The bowls, mugs and dishes she’s made fill a bookcase in her basement, which she hopes to eventually convert into a studio where she can teach art full time.
Coniff doesn’t subscribe to the theory that art belongs in a lofty realm far removed from everyday life.
Life, she said, is what art is all about.
“The mechanics of art anyone can do,” she said.
“But, the actual art comes from getting your inner self out onto the paper or into the medium that you’re using. … And that has to do with life.”
An artist is born
Art has been part of Coniff’s life for as long as she could remember.
“I’ve just always drawn,” she said. “My earliest memory was getting chastised in kindergarten for drawing instead of doing my work.”
She began teaching art as a 16-year-old high school student in Cleburne, Texas, about 30 miles south of Fort Worth.
“This was rural Texas in the ’70s,” she said. “Art wasn’t a big priority then. … And I’d already had everything in junior high (at another school district) that they had in the high school.
“So they kind of ran out of things to do with me,” she said.
She was allowed to teach art in the area grade school, which had no art classes until then.
Coniff continued to study art, first at Texas Tech University, then at the University of Kansas, and finally at Stephen F. Austin State University in Nacogdoches, Texas, where in 1993 she earned her bachelor’s of fine arts and a teaching certificate.
She also majored in biology, and her ability to switch gears between science and art was cultivated through her experience as a “lefty,” she said.
“If you’re a left-handed person, you have to grow up ambidextrous,” she said, adding that this also helped shape her mind.
“I can really feel myself switching between the analytical brain and the creative brain,” she said.
Ultimately, having a foot in both the airy realms of art and the grounded nature of science impacted her other great love: education.
When she began teaching in public schools, she used art to help students grasp other subjects like math or literature, “and that way it brought those things out of that one classroom into the rest of the world,” she said.
Those who can, teach
Her teaching career eventually led her to a short stint at Craig Middle School from 1999 to 2000.
There, while she was teaching physical science in place of a teacher who had fallen ill, she met fellow educator David Morris, who currently teaches language arts and drama to seventh- and eighth-graders.
“One day I mentioned, ‘You know I’ve always wanted to play with clay,’” he said. “And she said, ‘Why don’t you come and take a class with me?’”
But Morris kept putting it off. Finally, after about three years, Coniff gave him an ultimatum.
“I said, ‘You know, put up or shut up,’” she said, laughing.
Morris took her up on the offer and under her tutelage, he learned how to craft bowls, then mugs, then clay figurines. Coniff eventually helped him learn how to market and sell his creations, he said.
He credits her for giving him the nudge he needed to achieve a longtime goal.
“She pushed me — she pushed me pretty hard,” he said. “She really talked me into trying something I maybe never would have tried.”

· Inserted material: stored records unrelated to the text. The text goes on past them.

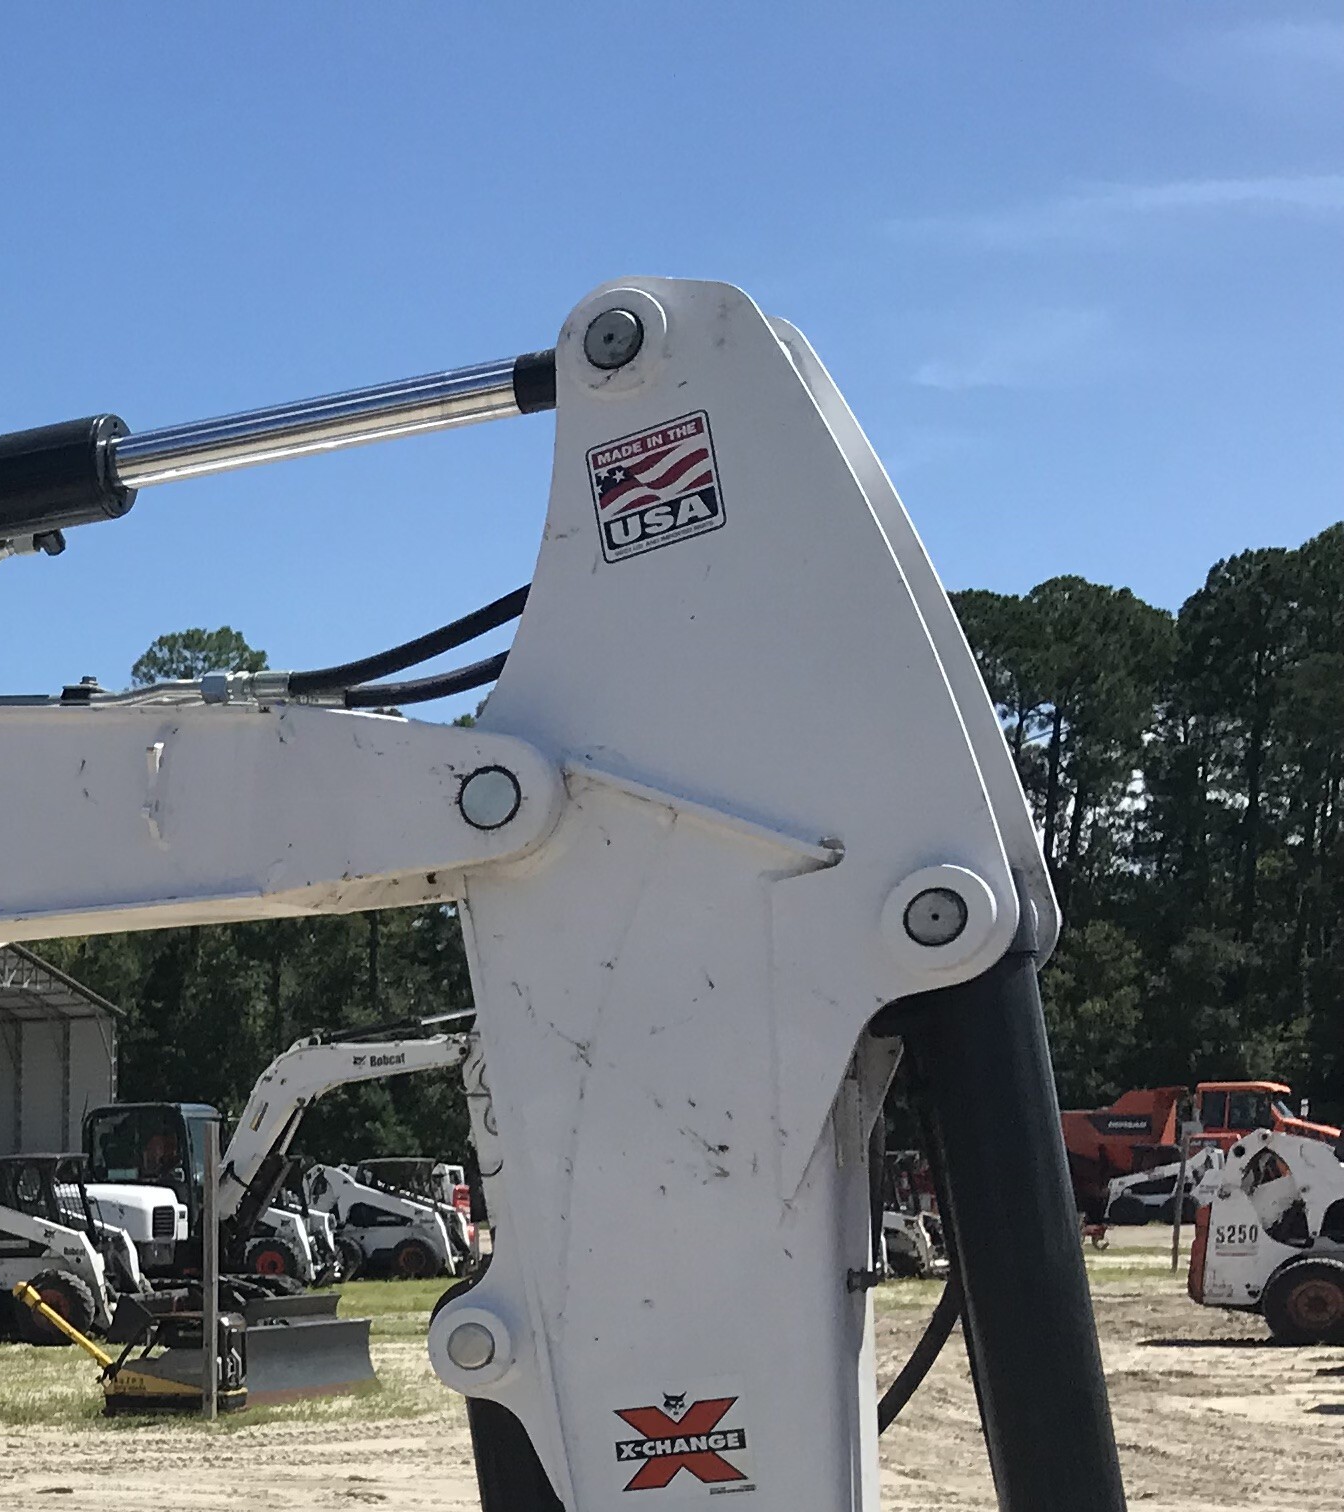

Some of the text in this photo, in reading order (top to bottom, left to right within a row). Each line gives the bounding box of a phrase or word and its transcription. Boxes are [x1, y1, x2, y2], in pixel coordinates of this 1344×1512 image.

[597, 421, 697, 466] MADE IN THE
[610, 494, 713, 545] USA
[369, 1052, 406, 1067] Bobcat
[1215, 1224, 1258, 1244] S250
[620, 1432, 740, 1459] X-CHANGE

Like art, teaching is intrinsic in Coniff’s life, with roots reaching back to her childhood.
As a girl, her family moved frequently, and “I was always the new kid,” she said.

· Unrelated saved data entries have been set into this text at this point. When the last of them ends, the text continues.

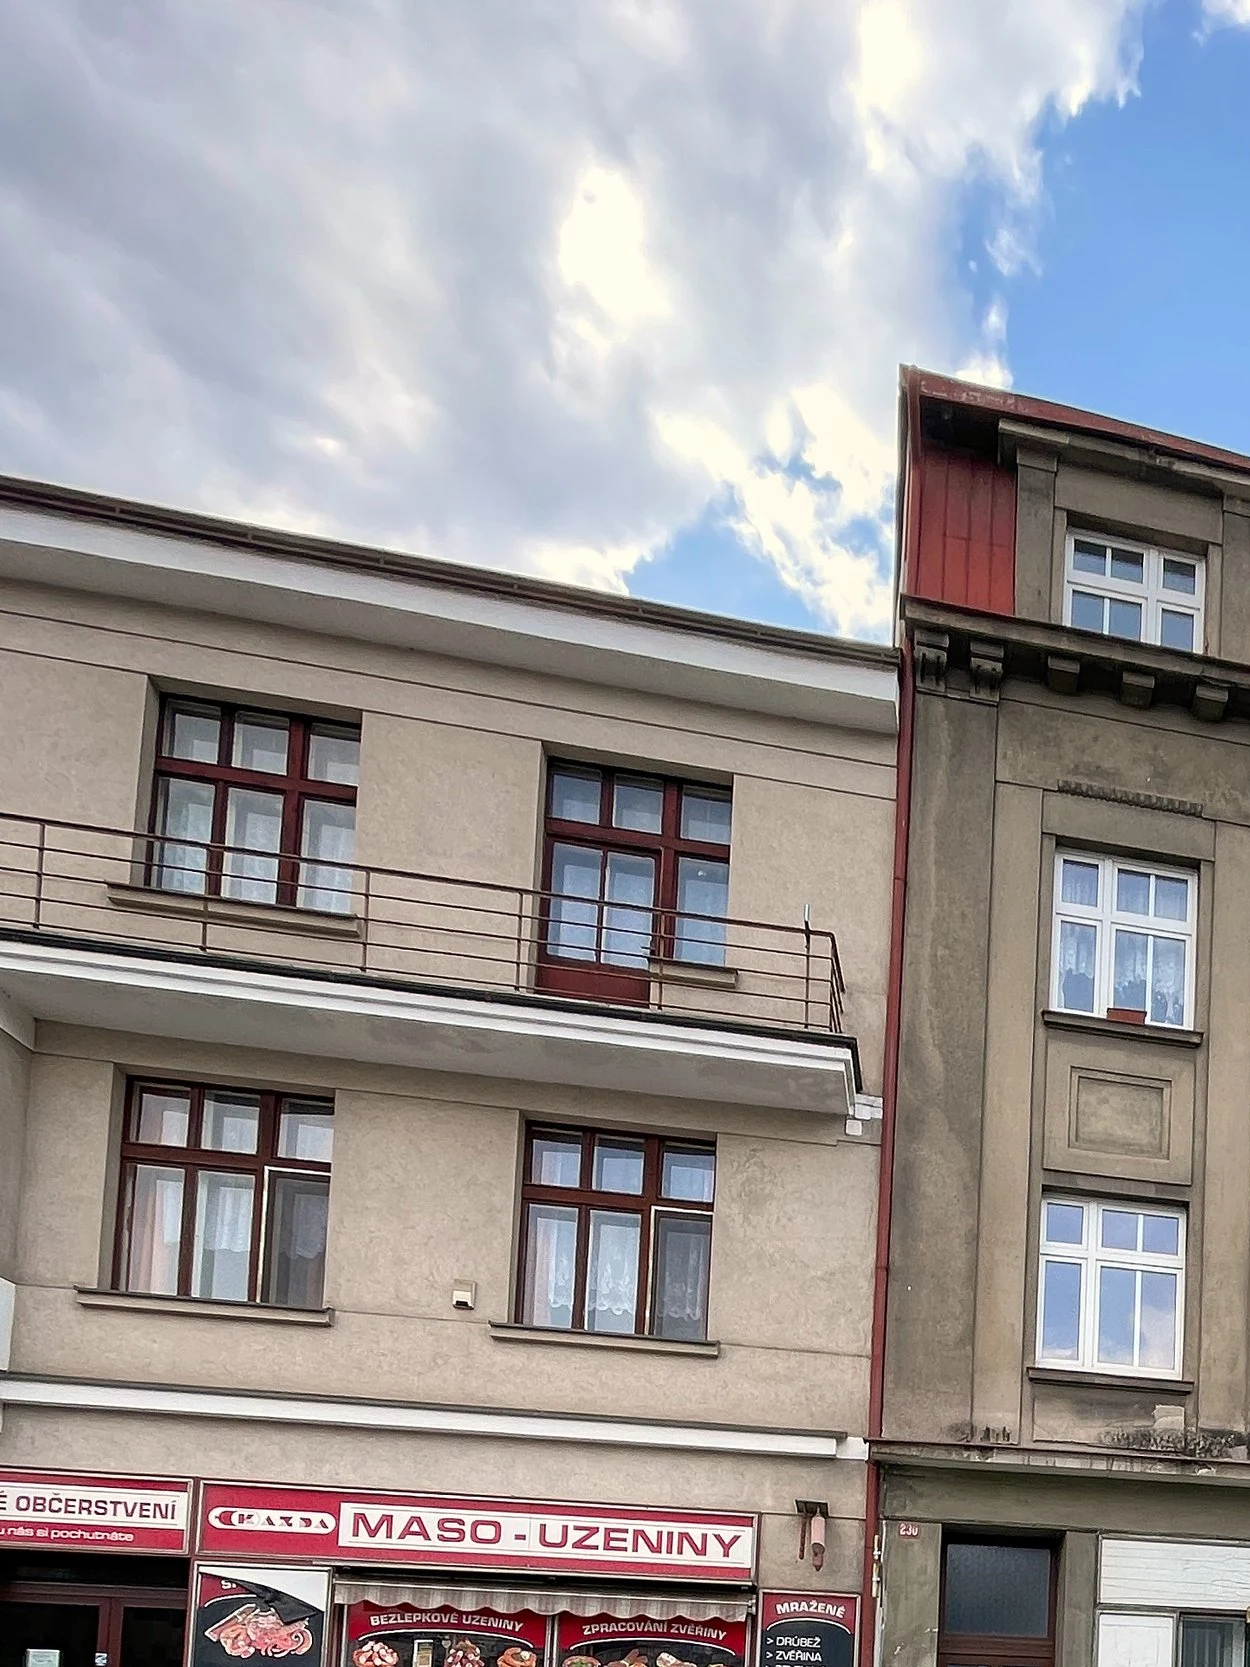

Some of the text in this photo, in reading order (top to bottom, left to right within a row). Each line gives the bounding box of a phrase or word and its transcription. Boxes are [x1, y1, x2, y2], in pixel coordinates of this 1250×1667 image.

[15, 1492, 177, 1520] OBČERSTVENÍ
[352, 1512, 502, 1545] MASO
[539, 1523, 742, 1558] UZENINY
[775, 1600, 846, 1619] MRAŽENÉ
[370, 1611, 524, 1633] BEZLEPKOVÉ UZENINY
[582, 1620, 668, 1635] ZPRACOVÁNÍ
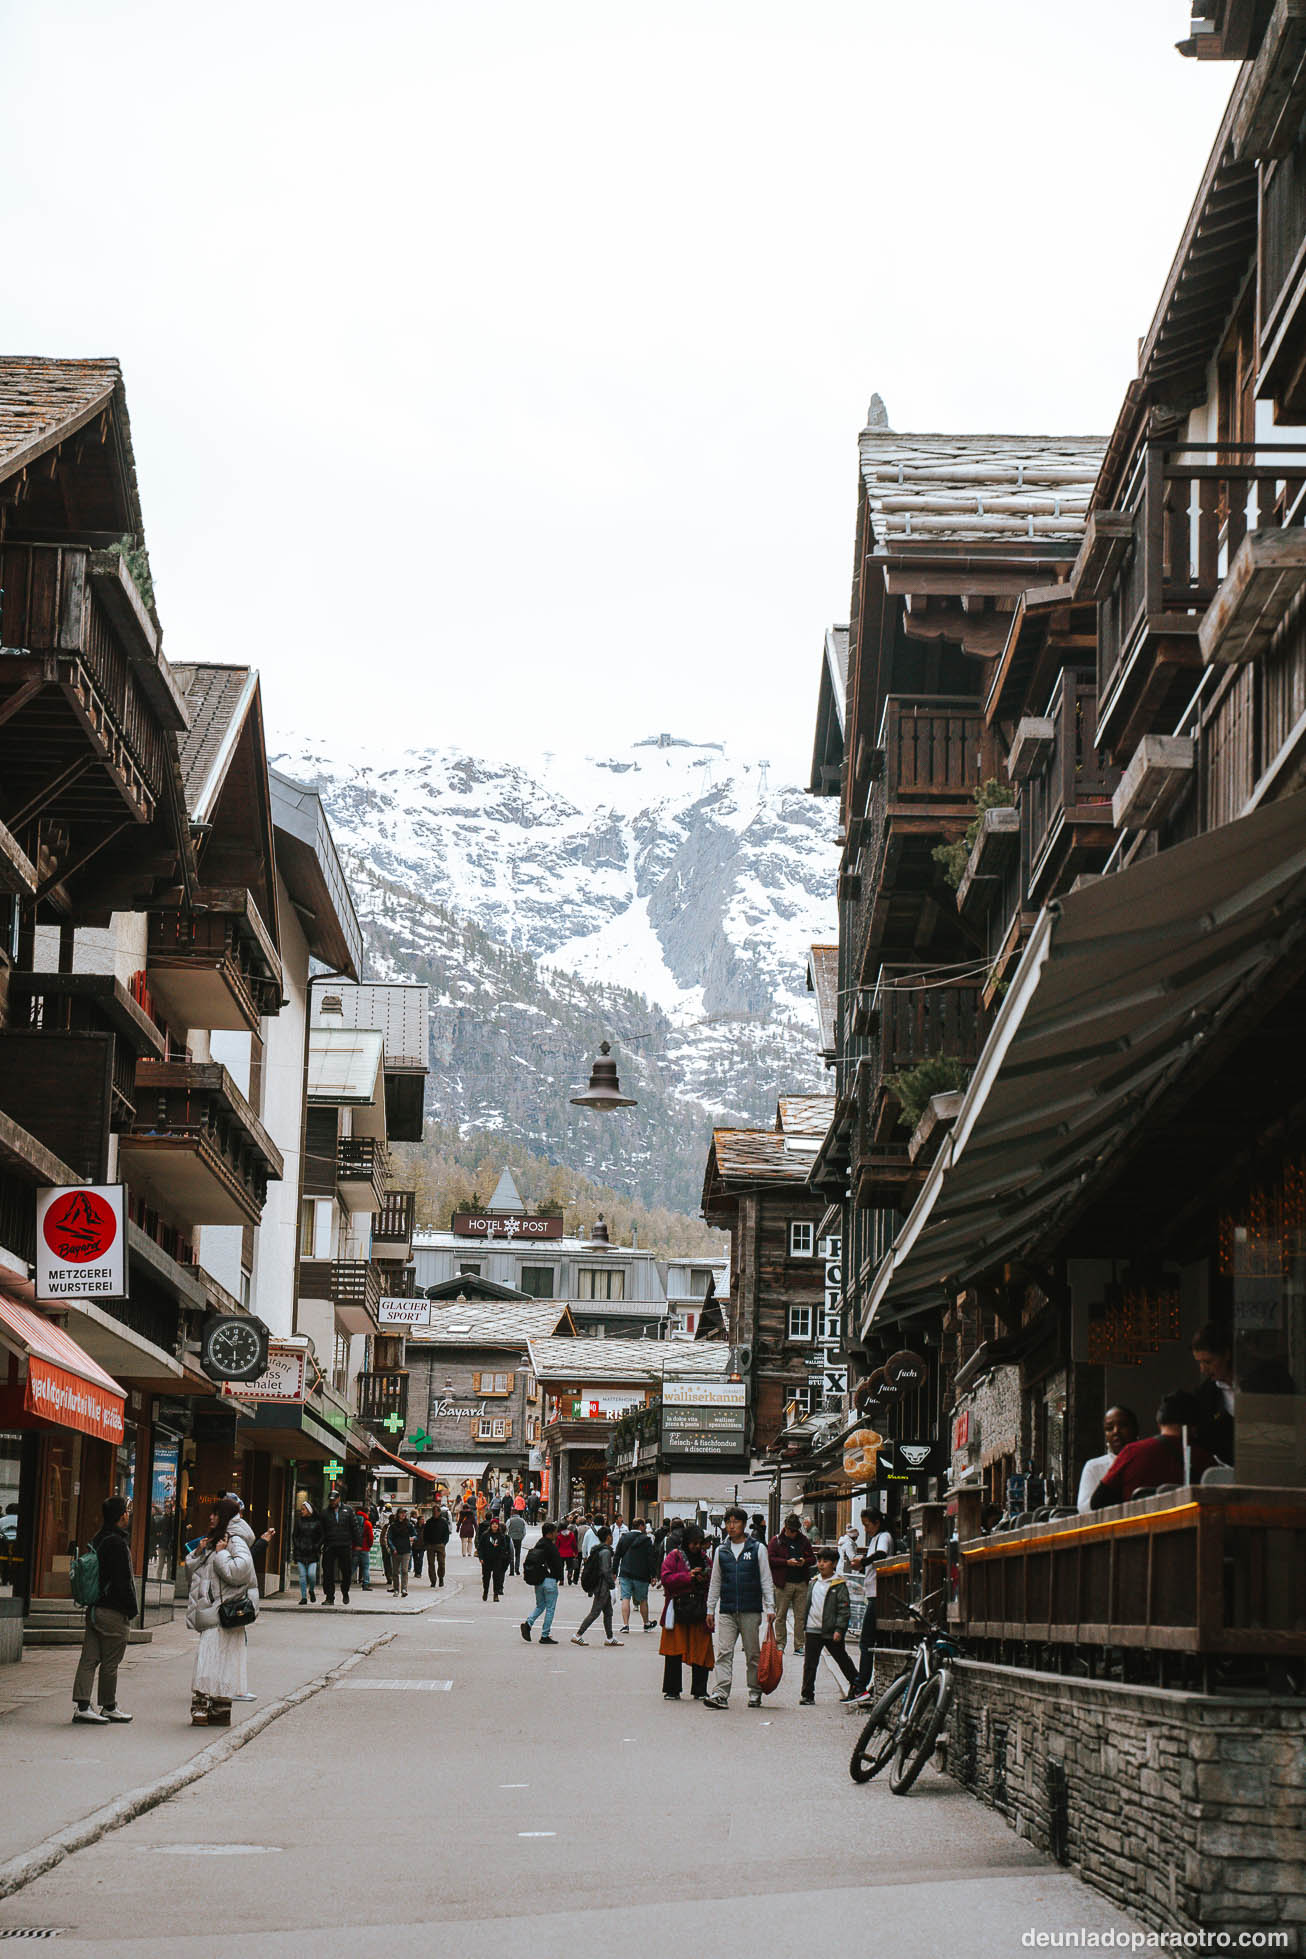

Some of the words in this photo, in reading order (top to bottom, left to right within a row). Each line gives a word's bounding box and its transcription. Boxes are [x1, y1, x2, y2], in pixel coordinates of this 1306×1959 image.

She learned that if she could amass knowledge she could share with others, and acceptance usually followed, she said.
“I guess that was my defense mechanism as a child,” she said.
Coniff continued to lead an almost nomadic lifestyle, moving 34 times through her life, but that period of her life ended when she moved to Craig nearly 14 years ago.
“Of all the places I’ve moved and the different countries I’ve been in, I like Craig, Colorado, better than any place I’ve ever been,” she said.
Coniff’s life is now firmly rooted in Craig, and she has no plans on leaving anytime soon, she said.
It’s home not only for herself but also for her husband, Marty Coniff, and her daughter, Holly, 15, a Moffat County High School freshman.
Coniff has other family scattered across the country — her son, Jordan, 27, who’s serving in the U.S. Army at Fort Campbell, Ken., her daughter Miranda, 31, of Houston, and her granddaughter, Sarah, 13.
Art remains the other constant in Coniff’s life — personal, expressive, unpredictable and, in her eyes, fulfilling.